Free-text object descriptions

################

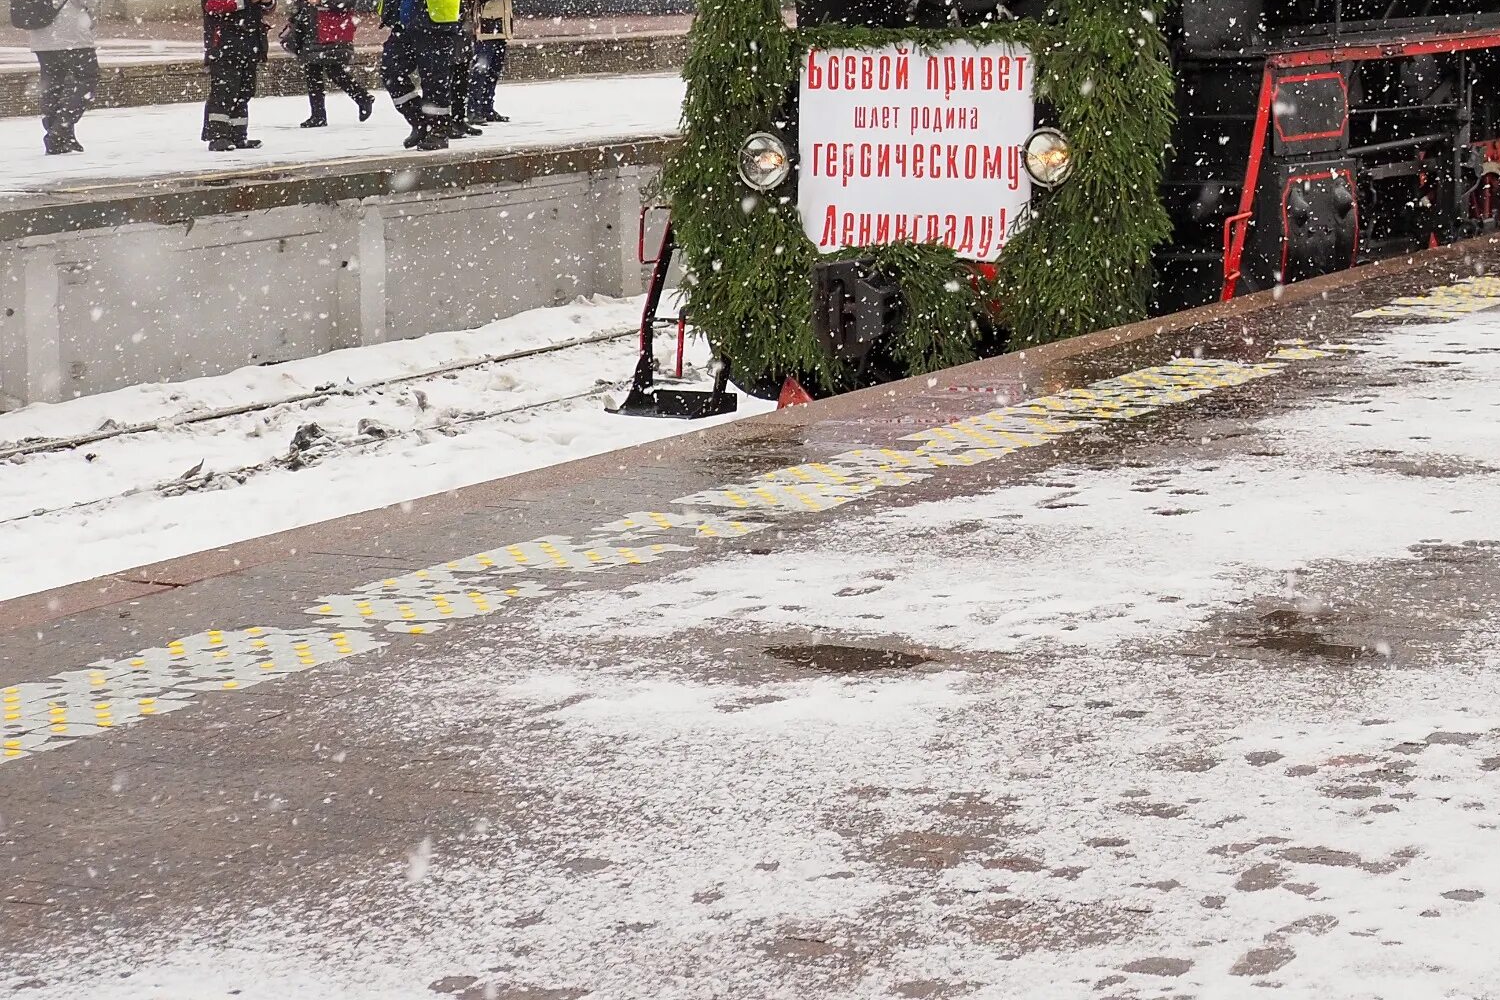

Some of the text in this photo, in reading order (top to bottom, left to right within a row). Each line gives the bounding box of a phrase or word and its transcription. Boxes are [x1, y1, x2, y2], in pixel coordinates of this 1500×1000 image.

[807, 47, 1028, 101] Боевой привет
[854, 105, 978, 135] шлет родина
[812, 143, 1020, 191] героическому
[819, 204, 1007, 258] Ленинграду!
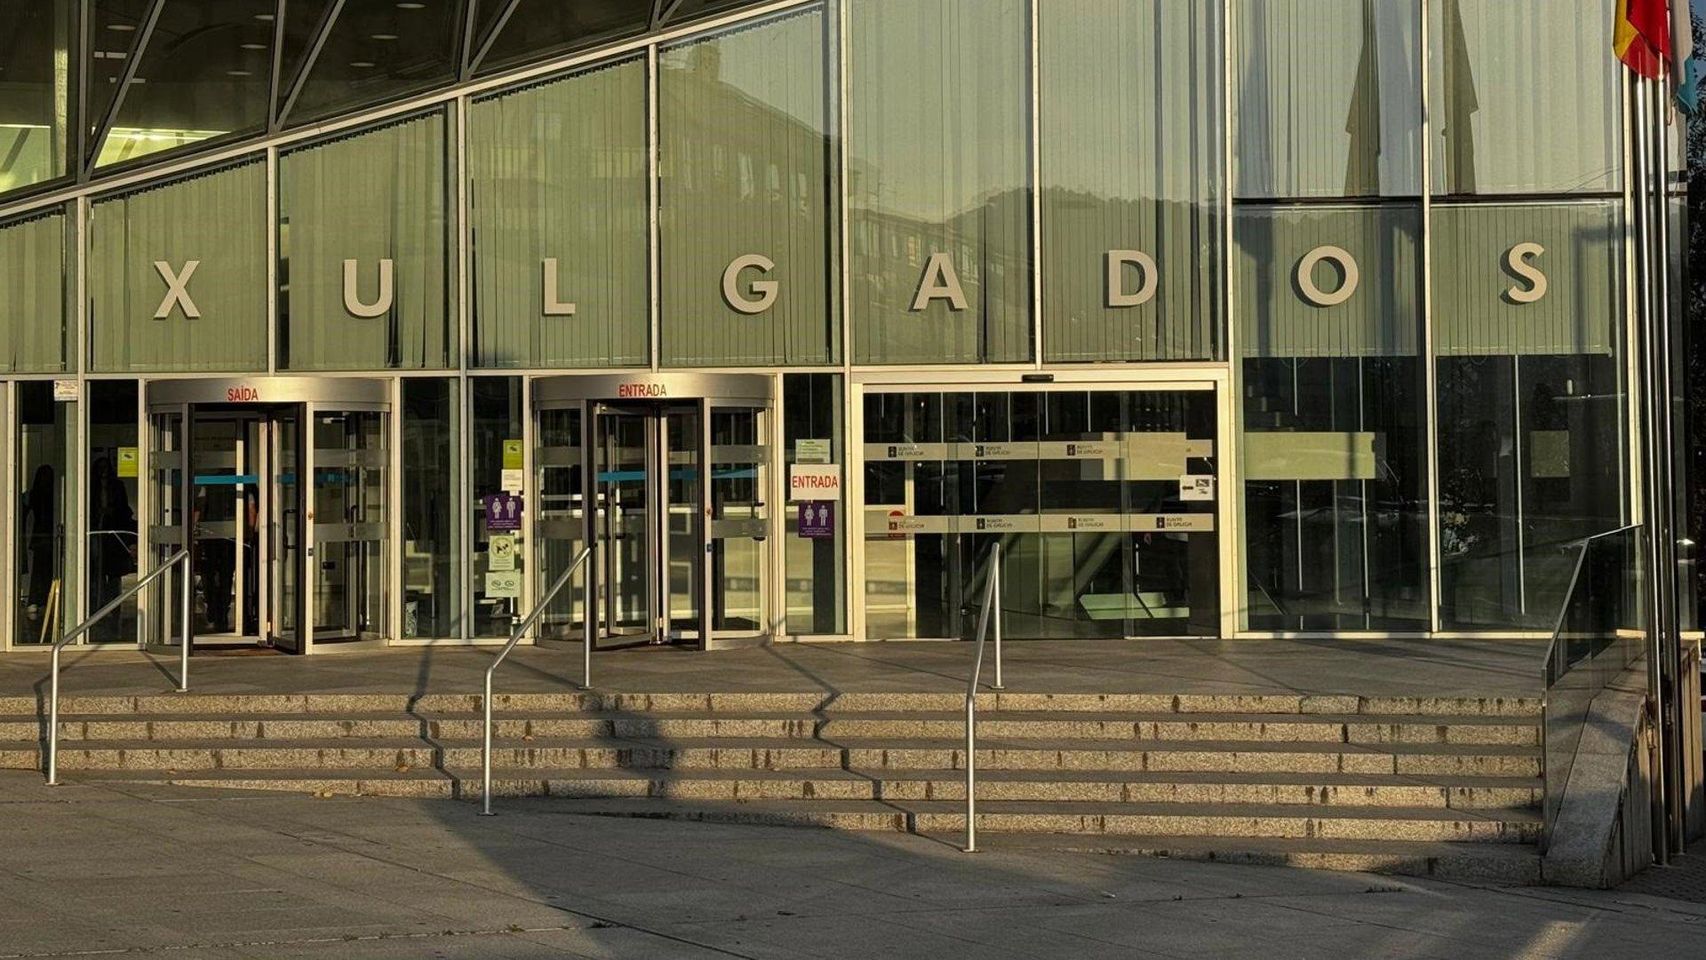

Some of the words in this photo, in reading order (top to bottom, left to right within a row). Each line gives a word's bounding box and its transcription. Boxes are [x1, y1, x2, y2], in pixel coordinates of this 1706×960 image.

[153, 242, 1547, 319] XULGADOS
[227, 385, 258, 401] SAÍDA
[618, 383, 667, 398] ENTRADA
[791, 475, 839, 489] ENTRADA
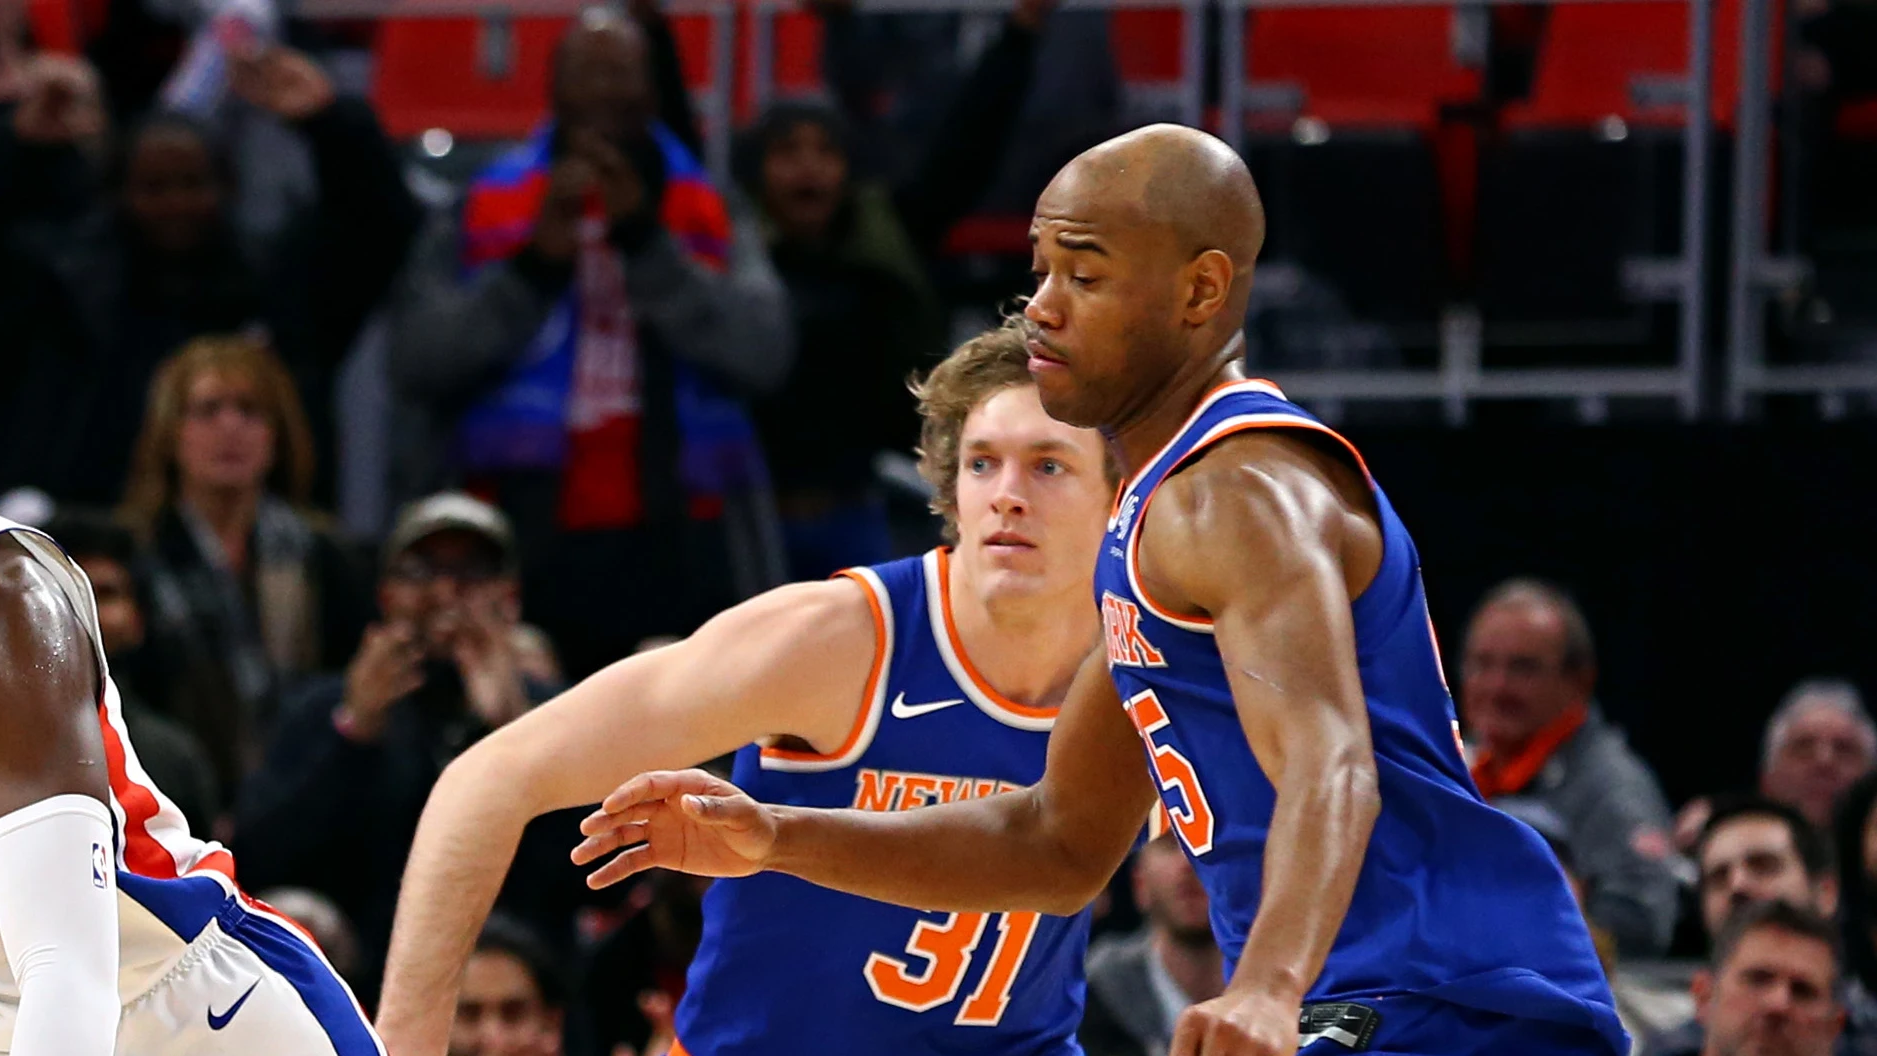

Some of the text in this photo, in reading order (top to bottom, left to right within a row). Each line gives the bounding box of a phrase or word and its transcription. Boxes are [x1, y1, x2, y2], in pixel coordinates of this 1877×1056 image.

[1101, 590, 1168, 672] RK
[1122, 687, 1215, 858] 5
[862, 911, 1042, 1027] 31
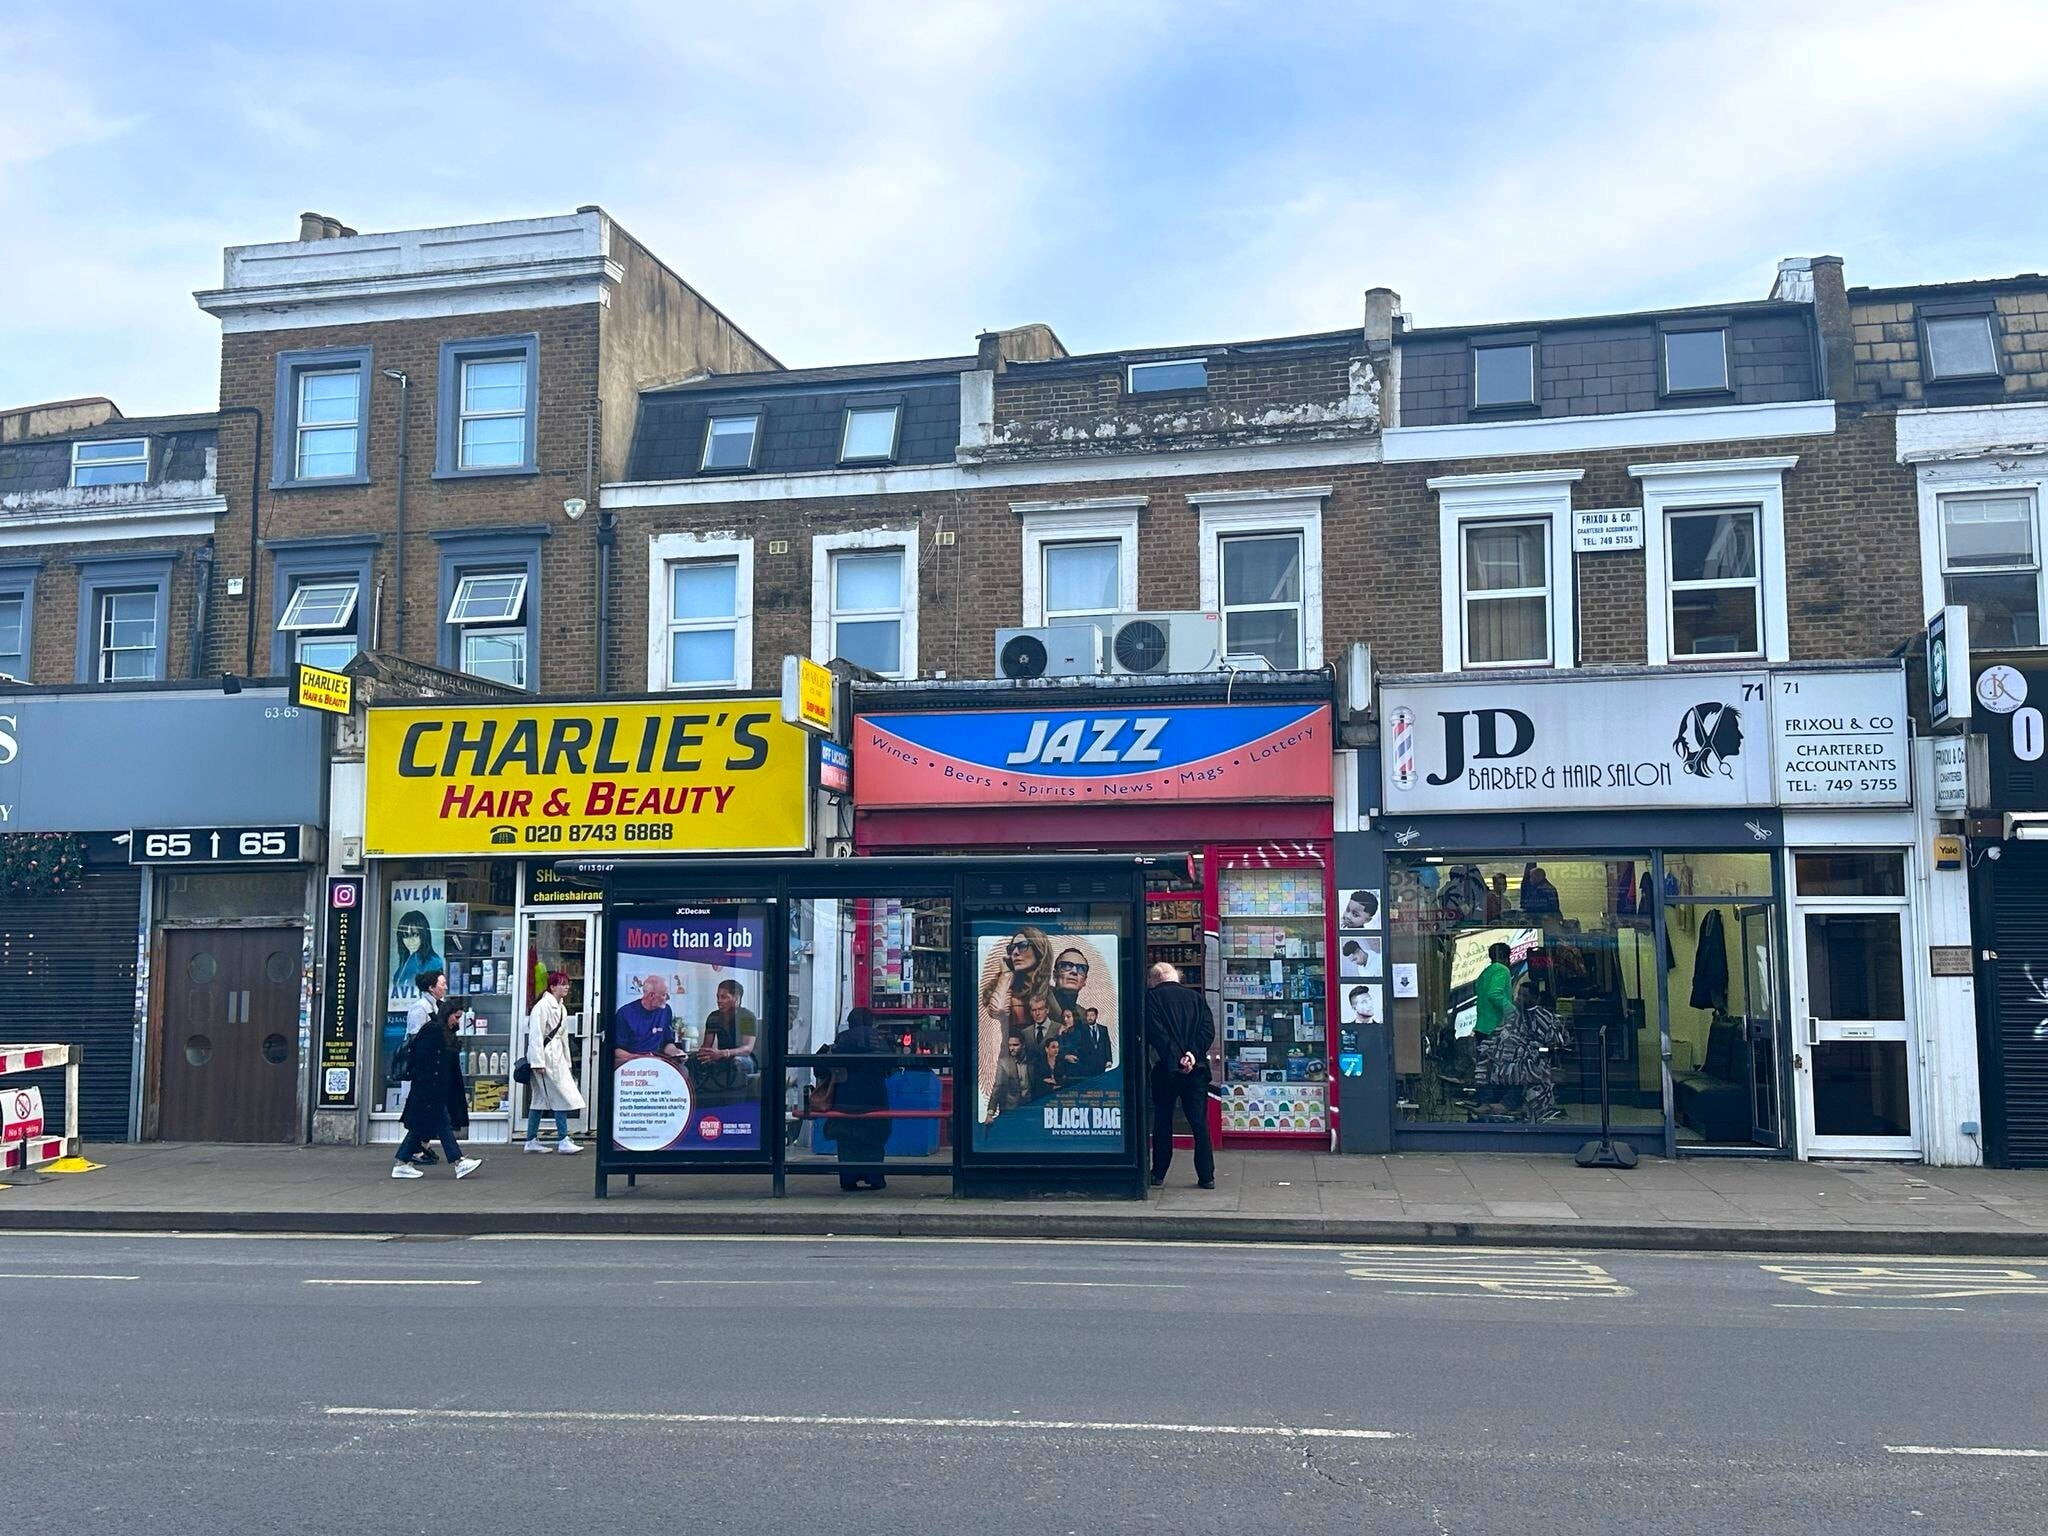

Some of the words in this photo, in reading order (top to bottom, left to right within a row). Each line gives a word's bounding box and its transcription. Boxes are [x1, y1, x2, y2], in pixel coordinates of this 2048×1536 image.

################

### ACTION ITEM
Repeat the data exactly, dropping every picture it holds.

### EXERCISE RESPONSE
Some of the text in this photo, in reading order (top to bottom, left to right within a row). Each line gives the bounding box of a phrase or word and its transcription. Boxes are [x1, y1, x2, y2], in pixel coordinates of this 1500×1000 image.

[807, 47, 1028, 101] Боевой привет
[854, 105, 978, 135] шлет родина
[812, 143, 1020, 191] героическому
[819, 204, 1007, 258] Ленинграду!

Some of the words in this photo, in reading order (top to bottom, left to right within a row). Each line gives a word's bounding box and its transcription. Boxes are [x1, y1, x2, y2], in pixel coordinates of this 1706×960 image.

[153, 242, 1547, 319] XULGADOS
[227, 385, 258, 401] SAÍDA
[618, 383, 667, 398] ENTRADA
[791, 475, 839, 489] ENTRADA

Some of the text in this photo, in reading order (top to bottom, left to right within a row). Each line gives the bounding box of a phrase or word and its transcription. Boxes are [x1, y1, x2, y2], in pixel coordinates of this 1877×1056 image.

[1101, 590, 1168, 672] RK
[1122, 687, 1215, 858] 5
[862, 911, 1042, 1027] 31

Some of the words in this photo, in reading order (top to bottom, left to right within a row). Each line gives a word's bounding box and its transcription. Boxes are [x1, y1, x2, y2], in pixel coordinates of this 2048×1536 image.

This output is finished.